Leek Embroidered Panel
1880s

Thomas Wardle of Leek printed the cotton ground with a single colour outline and provided the skeins of Art Silks, which he had specially dyed, ready for the amateur embroideress. These pieces were sold in Liberty's of Regent Street, It has not yet been discovered who the designer was. The design was based on a 17th c diagonal meander silk and velvet textiles.



Liberty's 1875-1975 it states that Liberty's greatest triumph in those early days came from a co-operation with Thomas Wardle, the dyers and printers of Leek in Staffordshire, who also worked for William Morris. Between them, Liberty and Wardle introduced dyes which had until then been supposed to be a closely guarded secret of the East....delicate pastel tints which they called 'Art Colours', and that became described all over the world as 'Liberty colours.' Silks in Liberty colours were an influential element in the Aesthetic Movement. Liberty's windows became one of the sites of Regent Street...a revelation to a generation accustomed to the harsh colours of aniline dyes....


Cataloguing

the cotton ground with upright meandering branches filled with a variety of flowers including peonies, tulips, carnations and daffodils, outline embroidered in twisted silks in pastel polychrome palette, including yellow, softr mauve and magenta, beige and taupe, the edges bound in blanket stitch.



4ft 1 in x 3 ft wide



1.25m  x 90 cm wide



The pattern repeat is 27 in 69 cm drop.


Condition

There is a light yellow stain 3 x 5 cm the the lower left hand side.

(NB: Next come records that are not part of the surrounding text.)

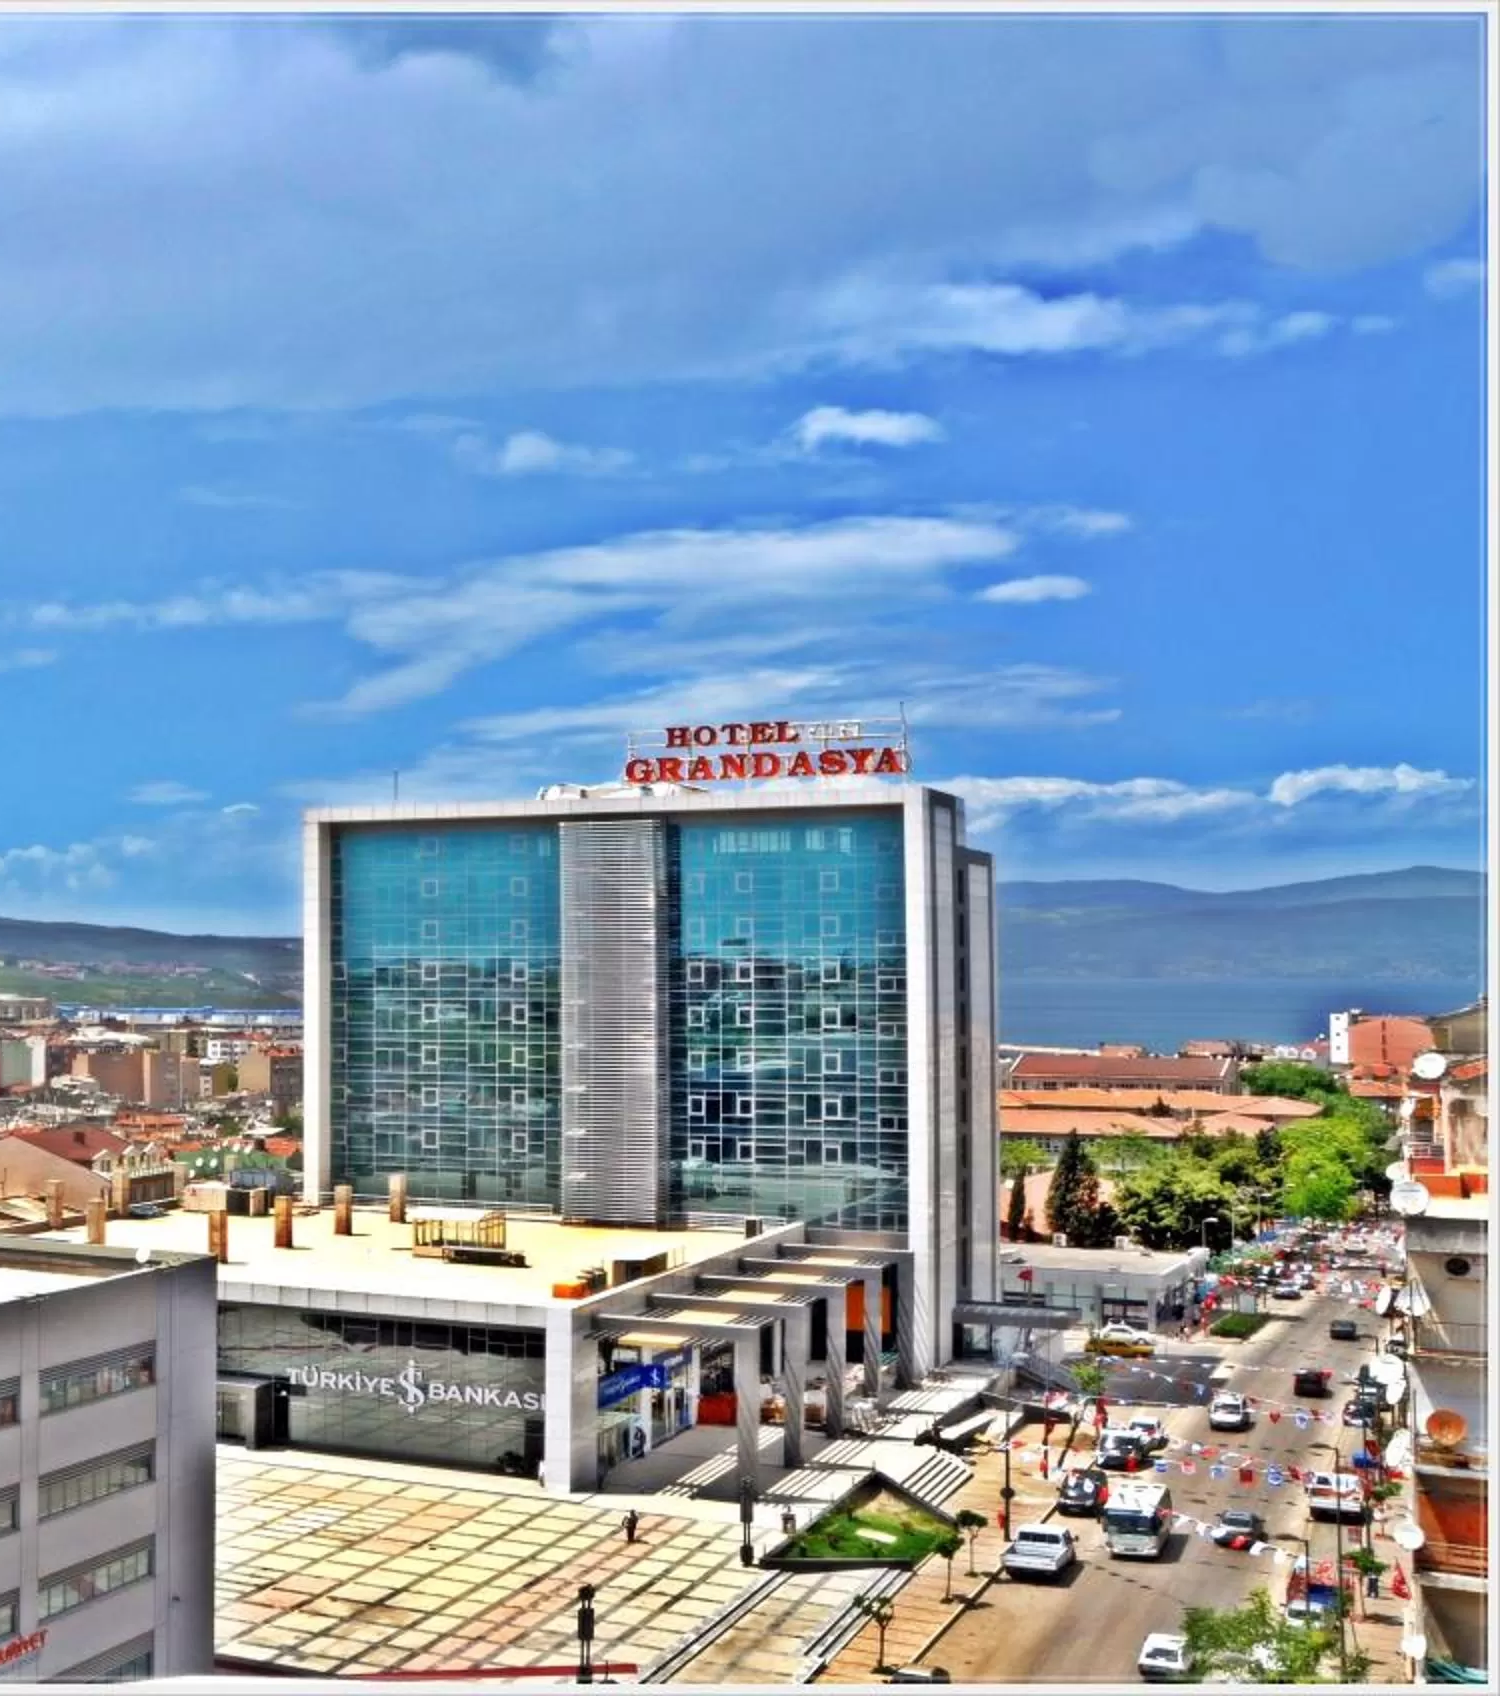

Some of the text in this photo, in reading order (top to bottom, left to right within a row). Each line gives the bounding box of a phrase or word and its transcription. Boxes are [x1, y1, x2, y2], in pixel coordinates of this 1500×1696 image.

[665, 721, 800, 749] HOTEL
[285, 1365, 395, 1396] TÜRKİYE
[428, 1382, 547, 1411] BANKASI
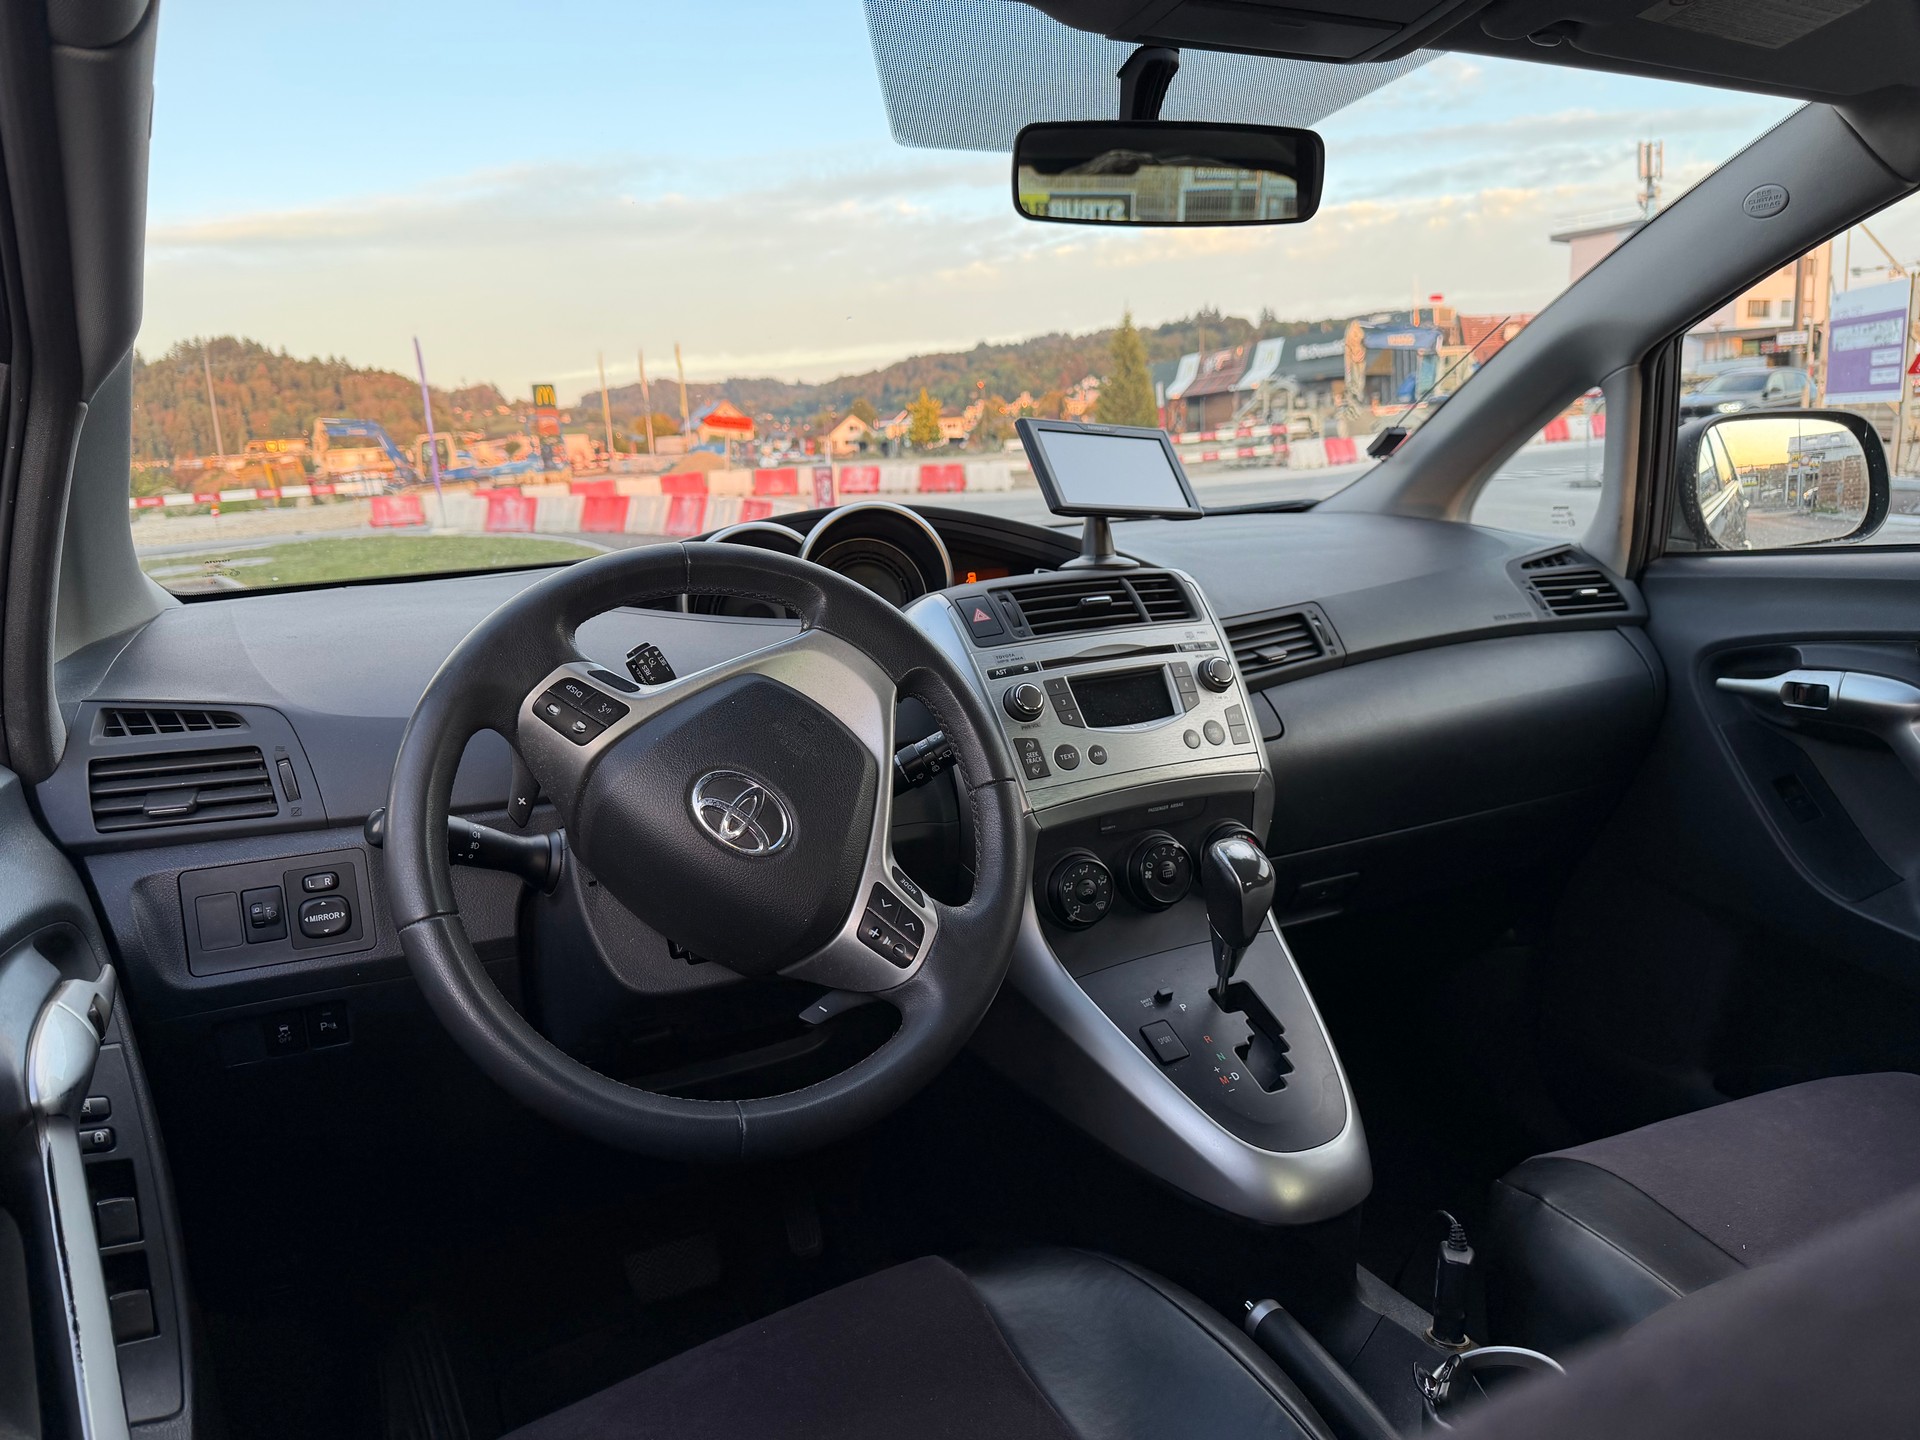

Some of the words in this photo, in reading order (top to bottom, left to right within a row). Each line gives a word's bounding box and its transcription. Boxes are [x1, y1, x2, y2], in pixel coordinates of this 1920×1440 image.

[1748, 193, 1782, 205] CURTAIN
[1750, 200, 1781, 211] AIRBAG
[657, 655, 667, 666] SET
[641, 664, 652, 676] RES
[565, 683, 584, 699] DISP
[1025, 756, 1042, 764] TRACK
[1060, 752, 1075, 761] TEXT
[1148, 804, 1169, 813] PASSENGER
[1161, 847, 1167, 856] 2
[1170, 848, 1176, 857] 3
[1177, 855, 1184, 863] 4
[308, 880, 315, 888] L
[324, 877, 331, 886] R
[900, 879, 918, 894] MODE
[309, 911, 340, 923] MIRROR
[1179, 1003, 1187, 1012] P
[1157, 1035, 1172, 1045] SPORT
[1203, 1035, 1213, 1044] R
[1216, 1052, 1226, 1061] N
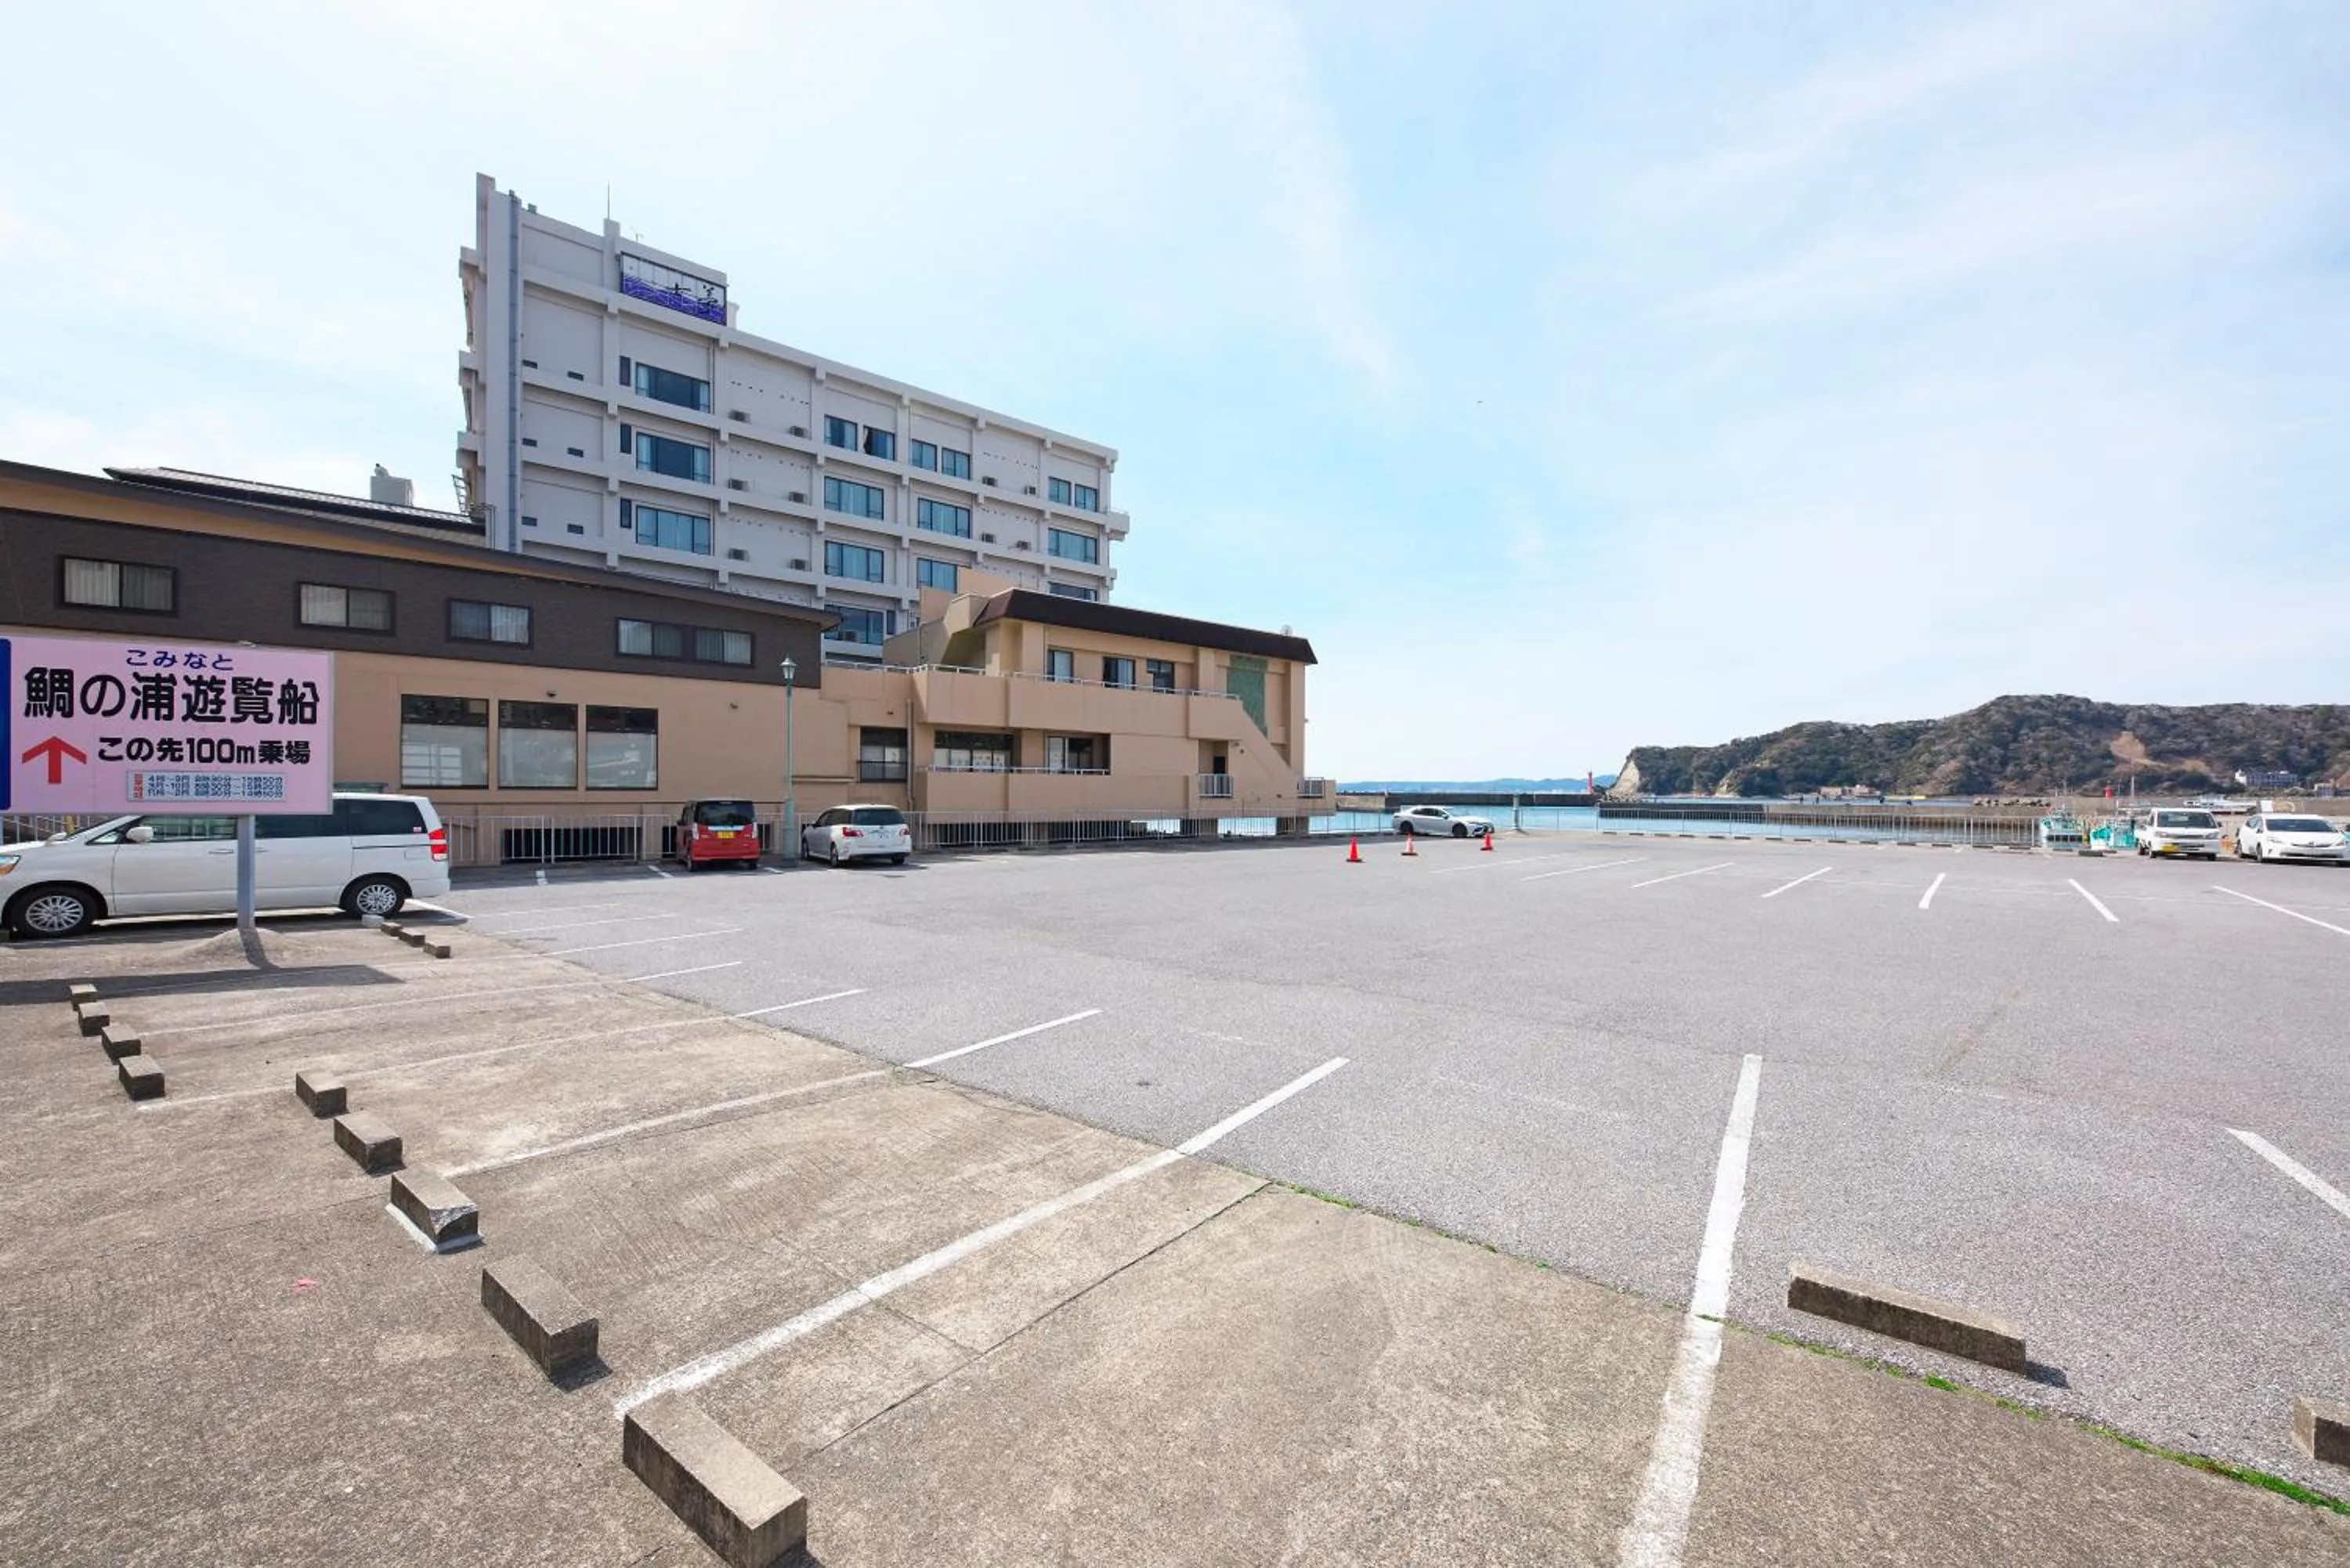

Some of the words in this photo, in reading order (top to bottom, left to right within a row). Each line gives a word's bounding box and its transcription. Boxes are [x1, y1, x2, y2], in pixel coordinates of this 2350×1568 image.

There is a mid brown stain to the hem again on the left hand side and a smaller one on the right hand hem. There is a watermark which is very very feint to the middle left hand side. 16 x 8 in; 40 x 20 cm.  One can hardly see this and when hung does not show. Or if used for centre of bedhanging again it would hardly show. Ask for photos.



 



 


Comments

There is a similar example of this pattern at the Nicholson Institute, Leek. Worked by Miss Ethel Vigrass, A Pupil of Lady Wardle's. School of Embroidery for Young Ladies". Cicra 1895.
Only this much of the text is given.